[YOUR ASSIGNMENT]
Only the pictures are to be omitted; every entry beneath should otherwise be duplicated exactly.

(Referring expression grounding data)
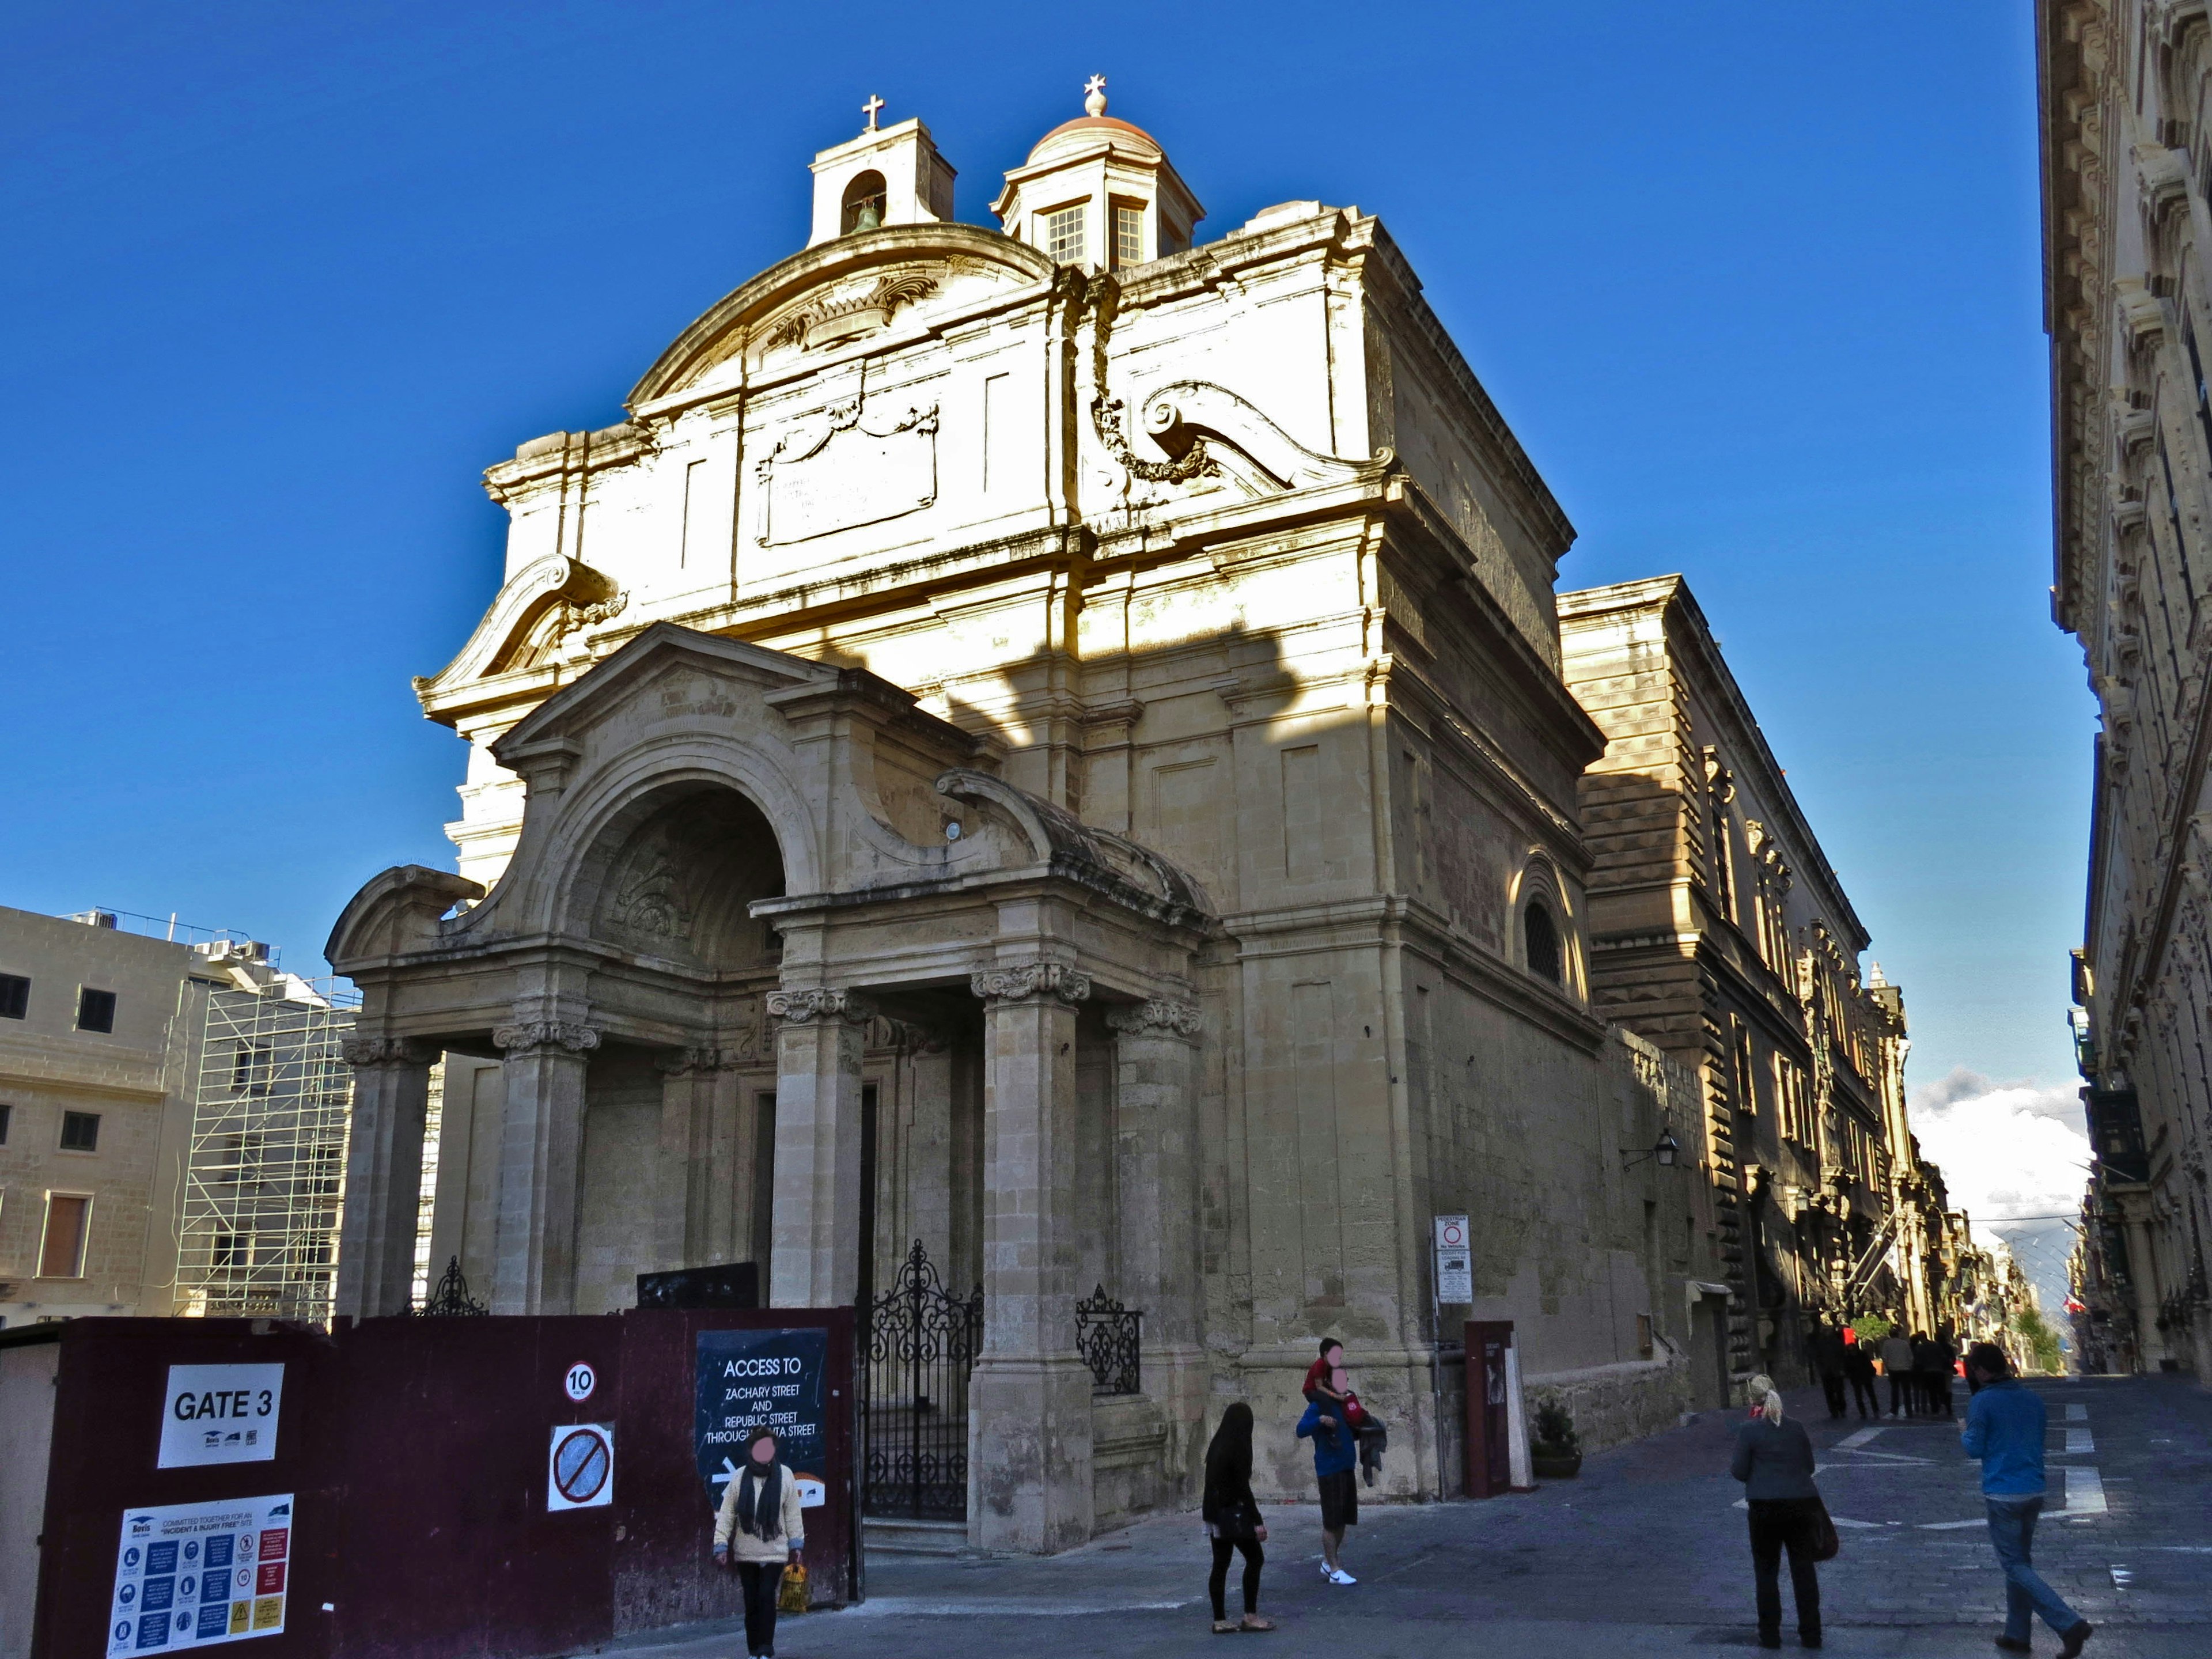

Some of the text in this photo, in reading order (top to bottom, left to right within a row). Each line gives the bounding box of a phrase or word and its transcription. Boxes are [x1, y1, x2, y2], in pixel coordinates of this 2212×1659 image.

[724, 1357, 801, 1377] ACCESS TO
[570, 1370, 592, 1391] 10
[726, 1384, 800, 1400] ZACHARY STREET
[175, 1389, 272, 1421] GATE 3
[751, 1400, 772, 1412] AND
[725, 1411, 798, 1429] REPUBLIC STREET
[788, 1423, 816, 1437] STREET
[132, 1524, 151, 1533] Bovis
[162, 1518, 199, 1528] COMMITTED
[199, 1514, 230, 1524] TOGETHER
[199, 1523, 220, 1531] INJURY
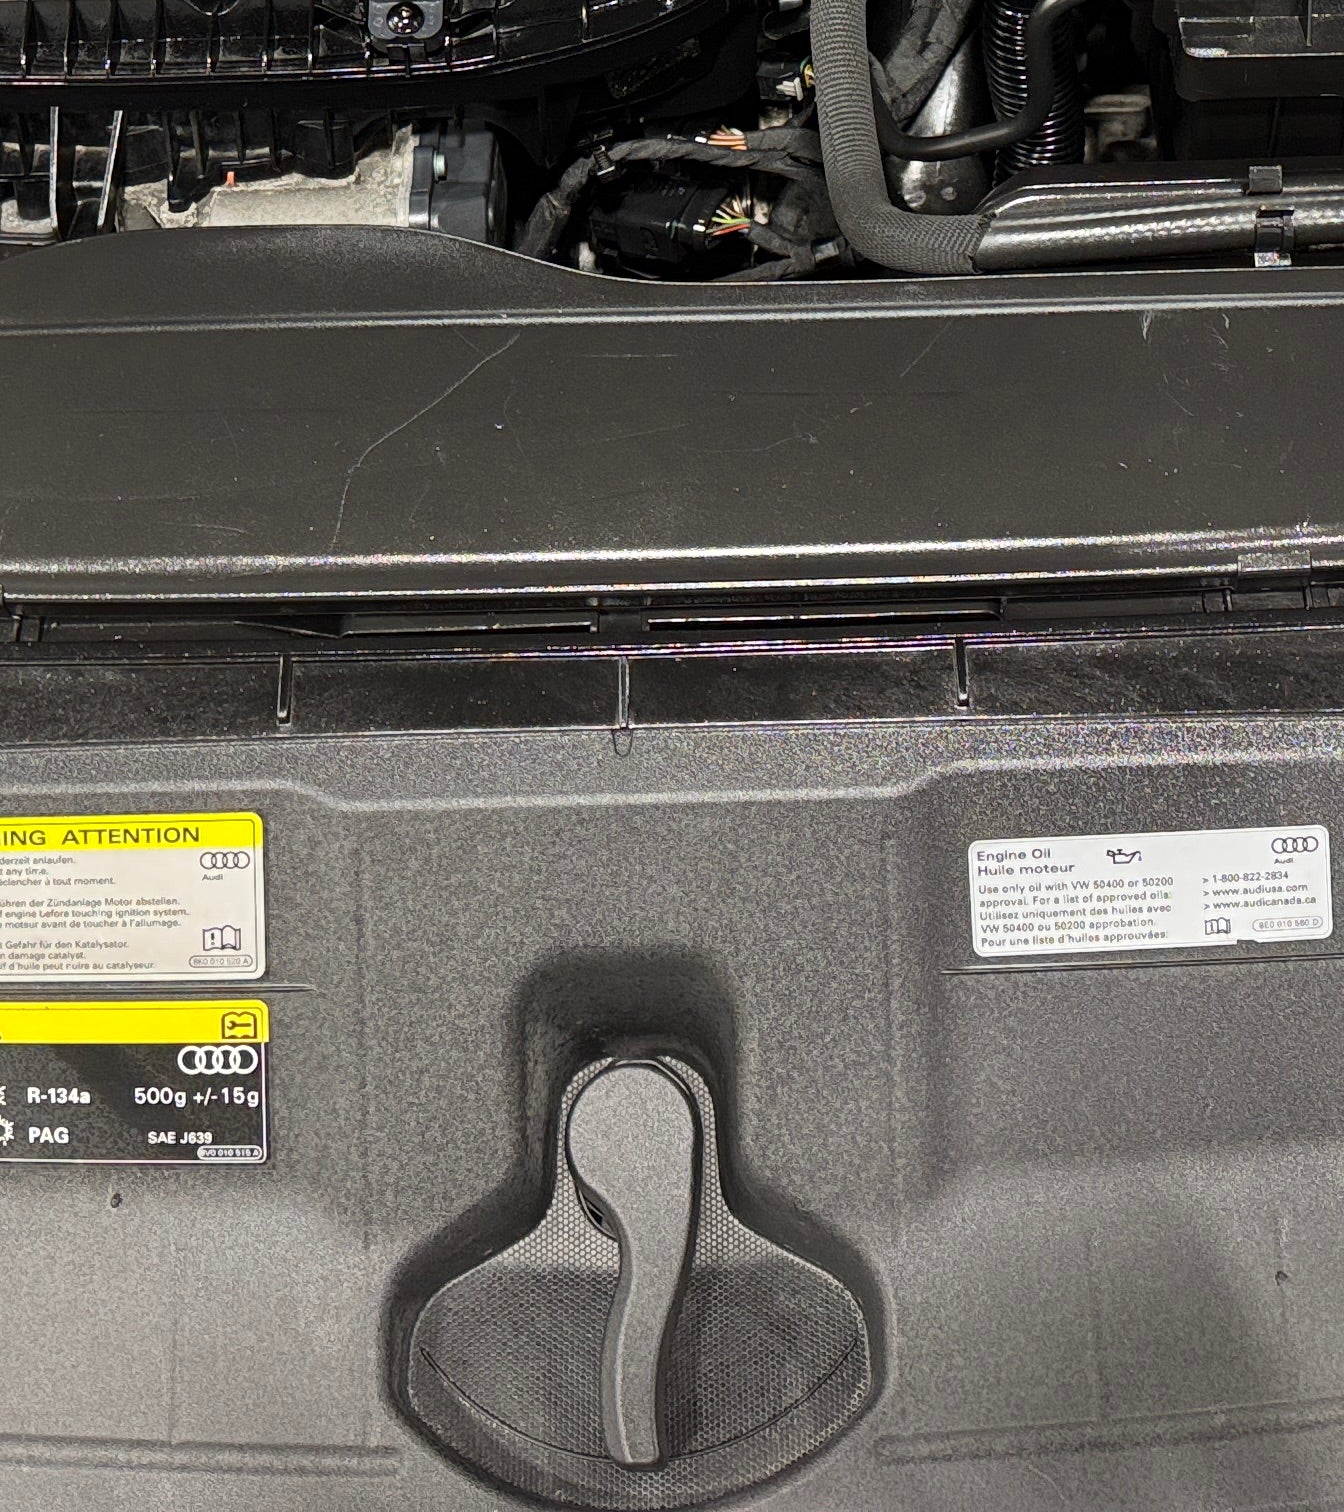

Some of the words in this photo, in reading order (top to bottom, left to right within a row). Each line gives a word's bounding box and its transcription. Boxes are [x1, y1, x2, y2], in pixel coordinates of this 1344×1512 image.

[61, 827, 201, 845] ATTENTION
[976, 850, 1027, 863] Engine
[1031, 848, 1051, 859] Oil
[6, 869, 23, 877] any
[977, 866, 1014, 877] Huile
[1019, 864, 1075, 875] moteur
[53, 878, 72, 886] tout
[74, 877, 116, 885] moment.
[1212, 871, 1289, 883] 1-800-822-2834
[979, 885, 999, 894] Use
[1001, 884, 1024, 895] only
[1028, 883, 1042, 892] oil
[1044, 883, 1068, 892] with
[1071, 881, 1090, 890] VW
[1093, 880, 1124, 890] 50400
[1128, 880, 1139, 888] or
[1142, 877, 1174, 887] 50200
[1212, 884, 1308, 896] www.audiusa.com
[28, 899, 44, 907] der
[47, 898, 102, 908] Zündanlage
[105, 898, 133, 906] Motor
[1032, 896, 1051, 906] For
[1063, 894, 1080, 904] list
[1082, 894, 1094, 903] of
[1096, 892, 1147, 905] approved
[1212, 896, 1316, 909] www.audicanada.ca
[5, 911, 37, 919] engine
[71, 909, 113, 919] touching
[115, 908, 151, 918] ignition
[980, 911, 1019, 921] Utilisez
[1022, 908, 1086, 921] uniquement
[1089, 906, 1109, 916] des
[1111, 905, 1144, 915] huiles
[1146, 905, 1172, 913] avec
[40, 921, 67, 929] avant
[69, 920, 81, 928] de
[83, 919, 119, 928] toucher
[981, 924, 1000, 934] VW
[1003, 923, 1035, 933] 50400
[1037, 923, 1052, 932] ou
[1054, 921, 1086, 931] 50200
[5, 940, 37, 949] Gefahr
[39, 940, 53, 948] für
[55, 941, 72, 949] den
[981, 937, 1006, 947] Pour
[1009, 937, 1030, 946] une
[1032, 935, 1055, 945] liste
[8, 952, 45, 961] damage
[43, 963, 63, 972] peut
[27, 1087, 91, 1105] R-134a
[134, 1087, 187, 1108] 500g
[28, 1126, 70, 1144] PAG
[148, 1130, 176, 1144] SAE
[180, 1131, 213, 1144] J639

[RESPONSE AREA]
Some of the text in this photo, in reading order (top to bottom, left to right within a row). Each line gives the bounding box of a phrase or word and its transcription. Boxes are [x1, y1, x2, y2], in pixel coordinates of this 2212×1659 image.

[724, 1357, 801, 1377] ACCESS TO
[570, 1370, 592, 1391] 10
[726, 1384, 800, 1400] ZACHARY STREET
[175, 1389, 272, 1421] GATE 3
[751, 1400, 772, 1412] AND
[725, 1411, 798, 1429] REPUBLIC STREET
[788, 1423, 816, 1437] STREET
[132, 1524, 151, 1533] Bovis
[162, 1518, 199, 1528] COMMITTED
[199, 1514, 230, 1524] TOGETHER
[199, 1523, 220, 1531] INJURY

Some of the words in this photo, in reading order (top to bottom, left to right within a row). Each line gives a word's bounding box and its transcription. Boxes are [x1, y1, x2, y2], in pixel coordinates of this 1344×1512 image.

[61, 827, 201, 845] ATTENTION
[976, 850, 1027, 863] Engine
[1031, 848, 1051, 859] Oil
[6, 869, 23, 877] any
[977, 866, 1014, 877] Huile
[1019, 864, 1075, 875] moteur
[53, 878, 72, 886] tout
[74, 877, 116, 885] moment.
[1212, 871, 1289, 883] 1-800-822-2834
[979, 885, 999, 894] Use
[1001, 884, 1024, 895] only
[1028, 883, 1042, 892] oil
[1044, 883, 1068, 892] with
[1071, 881, 1090, 890] VW
[1093, 880, 1124, 890] 50400
[1128, 880, 1139, 888] or
[1142, 877, 1174, 887] 50200
[1212, 884, 1308, 896] www.audiusa.com
[28, 899, 44, 907] der
[47, 898, 102, 908] Zündanlage
[105, 898, 133, 906] Motor
[1032, 896, 1051, 906] For
[1063, 894, 1080, 904] list
[1082, 894, 1094, 903] of
[1096, 892, 1147, 905] approved
[1212, 896, 1316, 909] www.audicanada.ca
[5, 911, 37, 919] engine
[71, 909, 113, 919] touching
[115, 908, 151, 918] ignition
[980, 911, 1019, 921] Utilisez
[1022, 908, 1086, 921] uniquement
[1089, 906, 1109, 916] des
[1111, 905, 1144, 915] huiles
[1146, 905, 1172, 913] avec
[40, 921, 67, 929] avant
[69, 920, 81, 928] de
[83, 919, 119, 928] toucher
[981, 924, 1000, 934] VW
[1003, 923, 1035, 933] 50400
[1037, 923, 1052, 932] ou
[1054, 921, 1086, 931] 50200
[5, 940, 37, 949] Gefahr
[39, 940, 53, 948] für
[55, 941, 72, 949] den
[981, 937, 1006, 947] Pour
[1009, 937, 1030, 946] une
[1032, 935, 1055, 945] liste
[8, 952, 45, 961] damage
[43, 963, 63, 972] peut
[27, 1087, 91, 1105] R-134a
[134, 1087, 187, 1108] 500g
[28, 1126, 70, 1144] PAG
[148, 1130, 176, 1144] SAE
[180, 1131, 213, 1144] J639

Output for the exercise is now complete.